1945 Rumeli Hisarı doğumluyum yedi göbek, ama dedemler Selanik’ten gelmişler; iki yaşında annem, on yaşında da babam rahmetli oldu. Üç kardeş idik, onların da ikisi rahmetli oldu; aile mezarlığımız Aşiyan’dadır. Babam emniyet teşkilatında çalışırdı. Mevlidi güzel okurdu. “Orhan Veli” hemşerimdir; Rumeli Hisarlıdır, komşumuz idi; bununla gurur duyarım ve çok sevdiğim bir şairimizdir. Liseyi Ankara’da bitirdim. Askerliğimi Ordu’da foto film merkezinde yaptım. Sonra TRT’de haber spikerliği, belgesel yönetmenliği, film seslendirmeleri yaptım. İlk seslendirmem ‘’Savaşan Dünya’’, ‘’Kaptan Cousteau’’ ve ‘’ İpek Yolu ‘’ belgeselidir.
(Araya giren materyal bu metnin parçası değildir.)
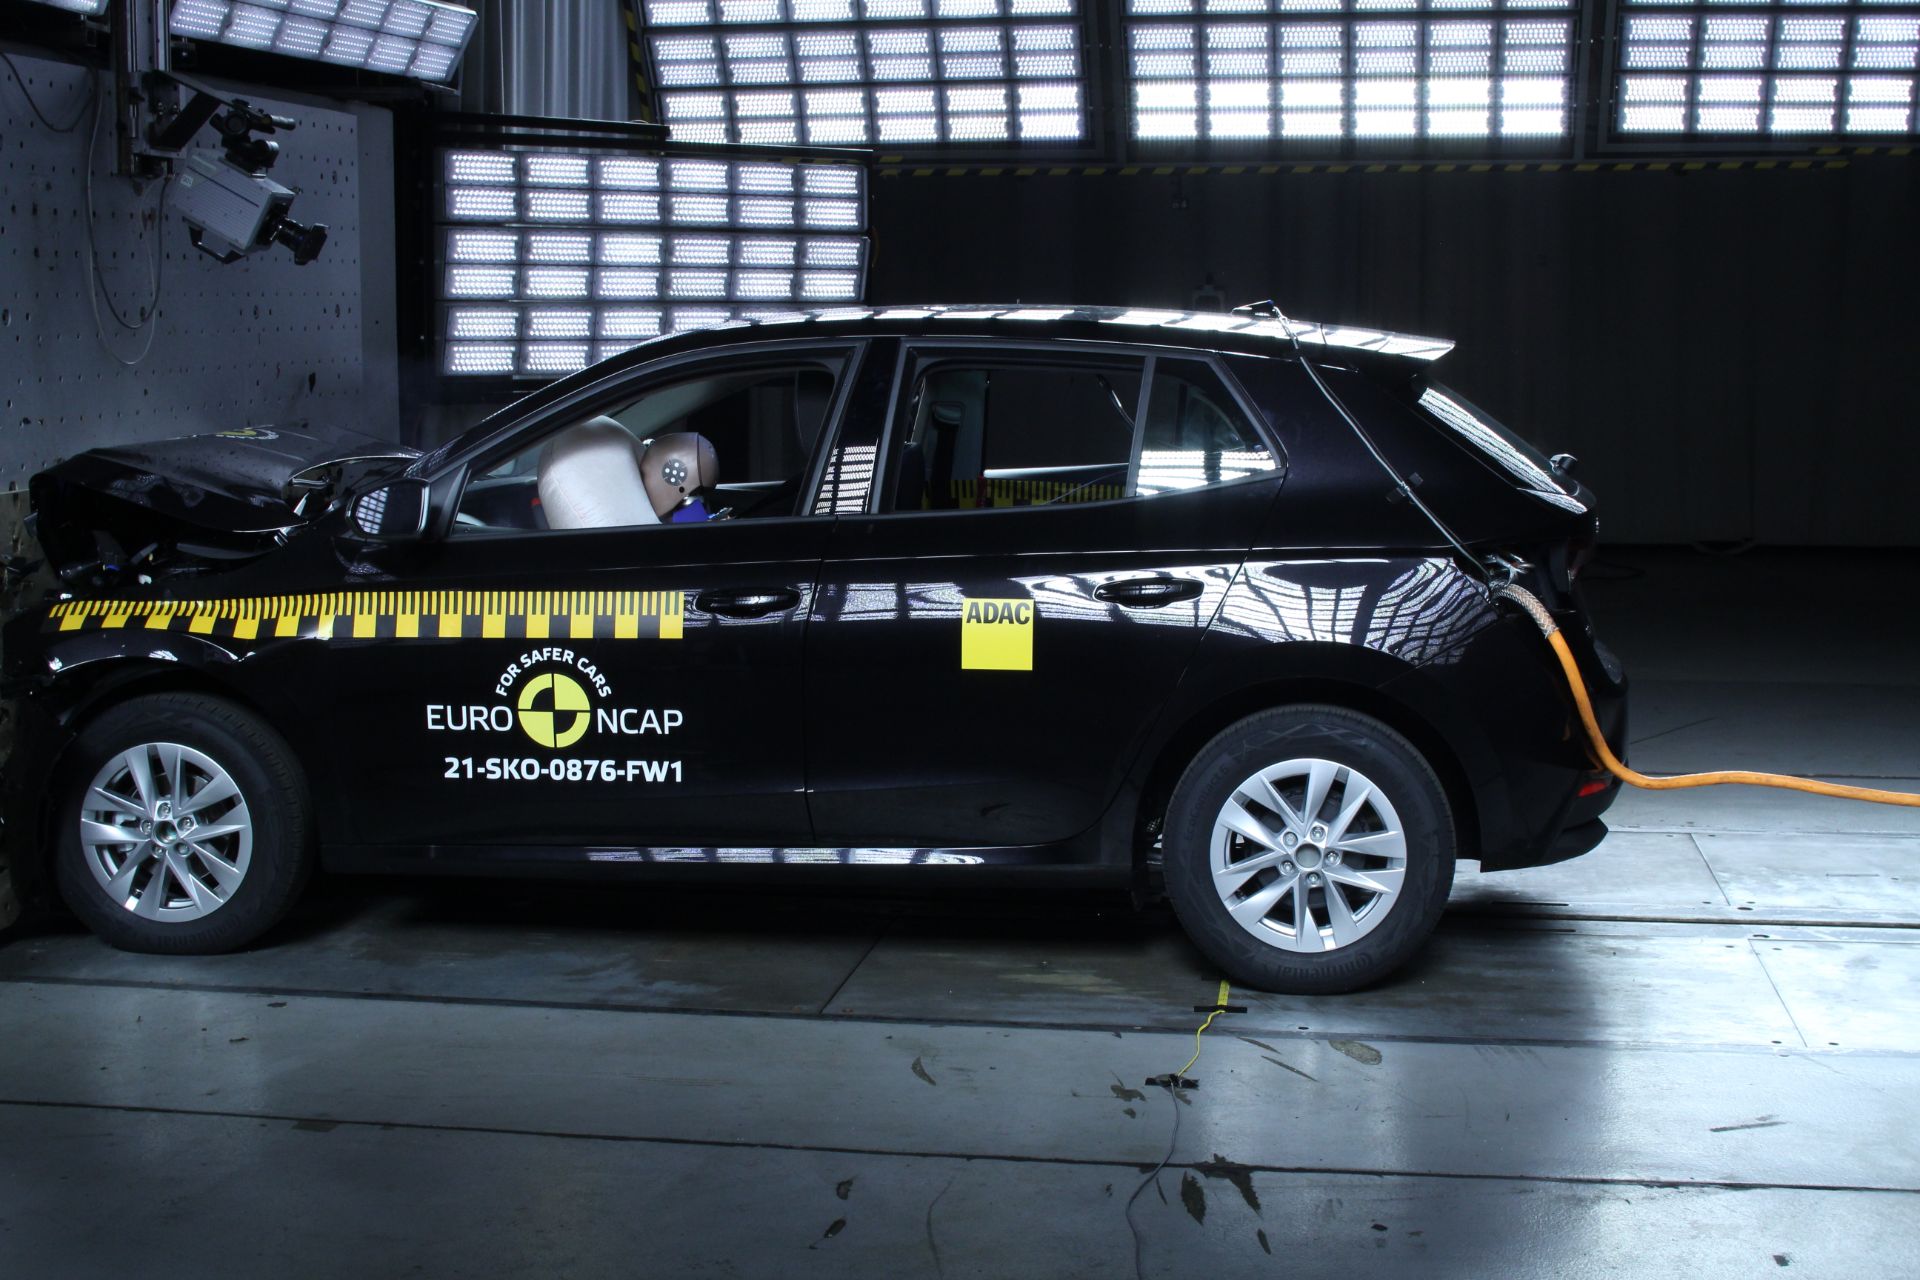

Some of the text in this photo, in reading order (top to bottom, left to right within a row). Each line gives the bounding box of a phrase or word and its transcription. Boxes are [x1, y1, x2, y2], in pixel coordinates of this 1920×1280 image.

Bu belgesellerbenim sesimin tanınmasında önemli bir yere sahiptir. Şiir seslendirme hocam “Semih Sergen”,seslendirmede ise hocam şehir tiyatrolarında “Sami Ayanoğlu”dur. Daha sonra profesyonel olarak işime devam ettim. Gülay ve Burcu isminde iki kızım var, İstanbul’da ikamet ediyorum.
—Nelere imza attı Sacid Onan? Belli başlı ve aklınızda kaldığı kadarıyla…
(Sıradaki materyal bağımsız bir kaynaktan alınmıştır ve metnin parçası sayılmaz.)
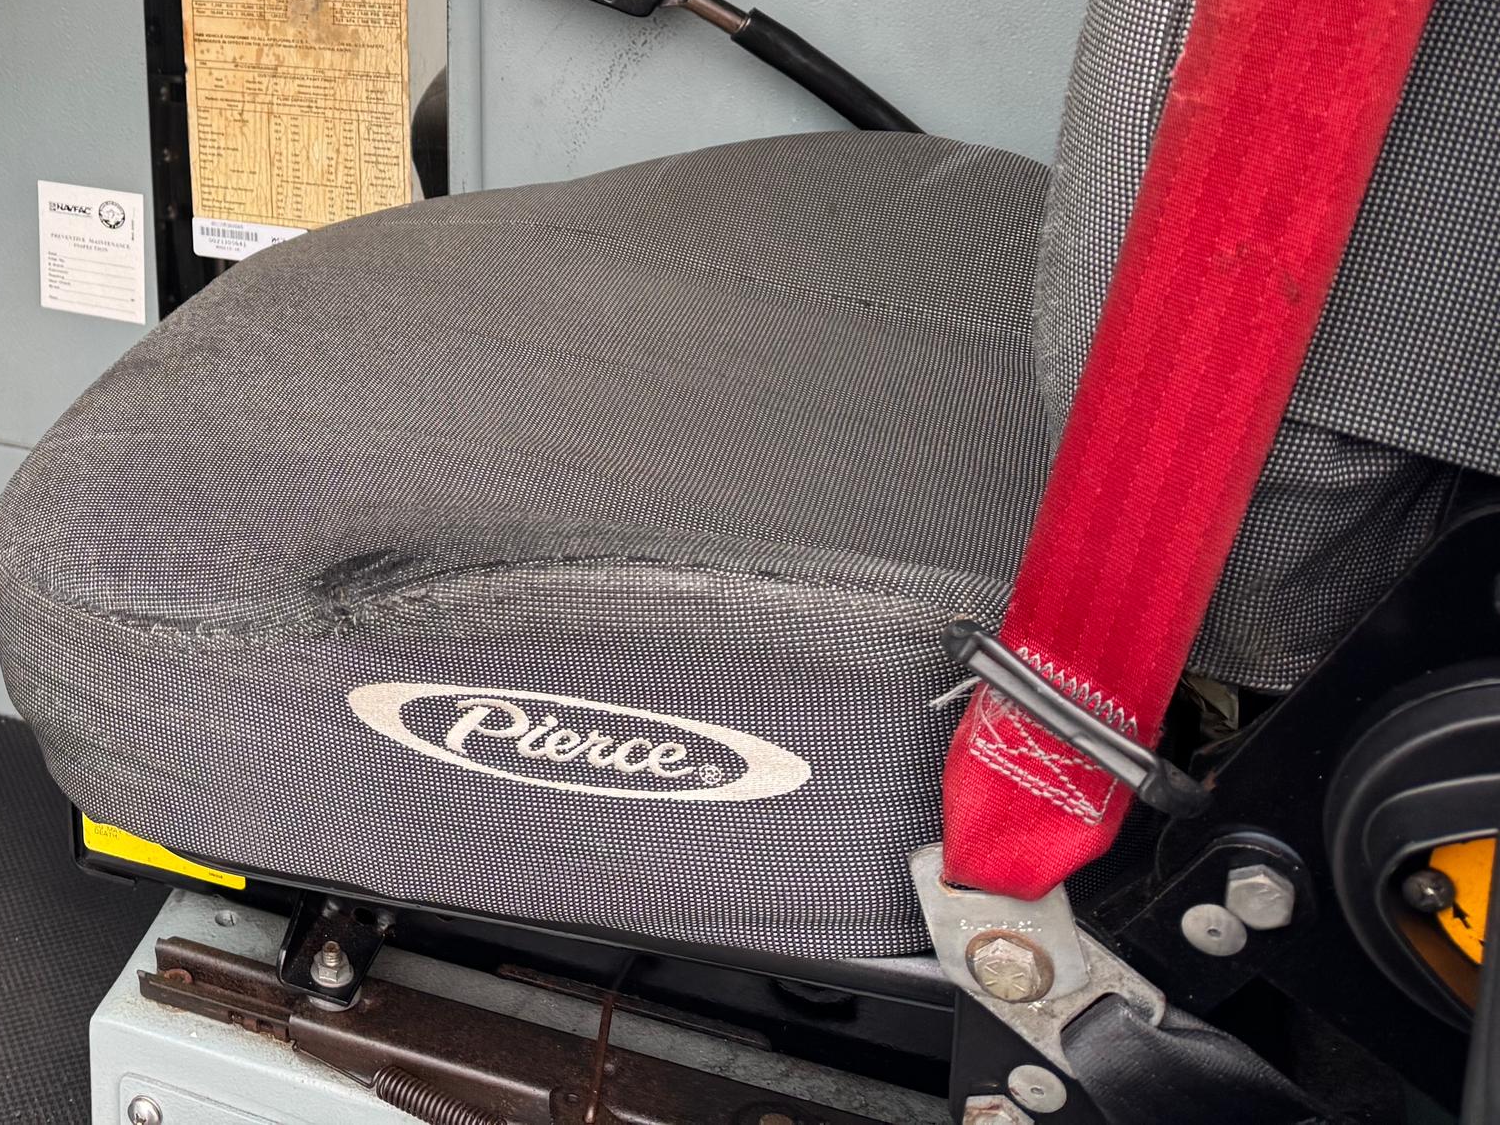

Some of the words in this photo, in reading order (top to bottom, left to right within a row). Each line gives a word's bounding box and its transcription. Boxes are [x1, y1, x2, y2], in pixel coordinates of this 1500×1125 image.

[50, 232, 87, 243] PREVENTIVE
[88, 237, 132, 250] MAINTENANCE
[73, 242, 109, 253] INSPECTION
[445, 697, 697, 779] Pierce
Çok zor bir soru. Birçok ulusal radyoda ve 3 ulusal yayın yapan tv kanalında şiir üzerine aralıklara program yaptım, kısa ve uzun süreli olarak. Yine Türkiye’nin hemen hemen her yerinde şiir gecelerine anma programlarına davet edilerek şiirler okudum. Binlerce seslendirmem var, bunların bir kısmı belgesel, bir kısmı şiir, bir kısmı klip, bir kısmı da reklam filmleri. Belgesel yönetmenliği yaptım. Katkımın olduğu çalışmalar yani anonim olarak yaptıklarım ise çok fazla; yüzlerce diyebilirim abartmadan. İmzamı taşıyan ve anonim olarak altına imza attıklarımı hatırladığım kadarıyla sayayım: İpek Yolu, Kaptan Cousteau, Karadeniz’den Çeşitlemeler, Yunus Emre Şiirleri (ortak), Yere Düşen Yıldızlar, Ege Belgeseli, Onların Öyküsü, Çanakkale Destanı, Suya Düşen Mısralar, Kır Yoksullarının Türküsü, Can Akın Kozmik Şiirler (kısmi), CHP Ecevit Belgeseli, Macit Seni Arabalandıralım, Gönül Dosta Gider, Kaside-i Bürde (ortak), Keçenin Teri, Toprak ve İnsan, Dua Zikir ve Yalvarış, Son Tanıklar, Refah Partisi 91 Kampanyası, Gel Efendim (ortak), Galata Köprüsünde Bir Gün… Tabi bunlar belgesel, klip, seslendirme, reklam filmi, cd, kaset vb… daha fazla saymaya gerek var mı? Önemlilerini ve belli başlılarını saydık.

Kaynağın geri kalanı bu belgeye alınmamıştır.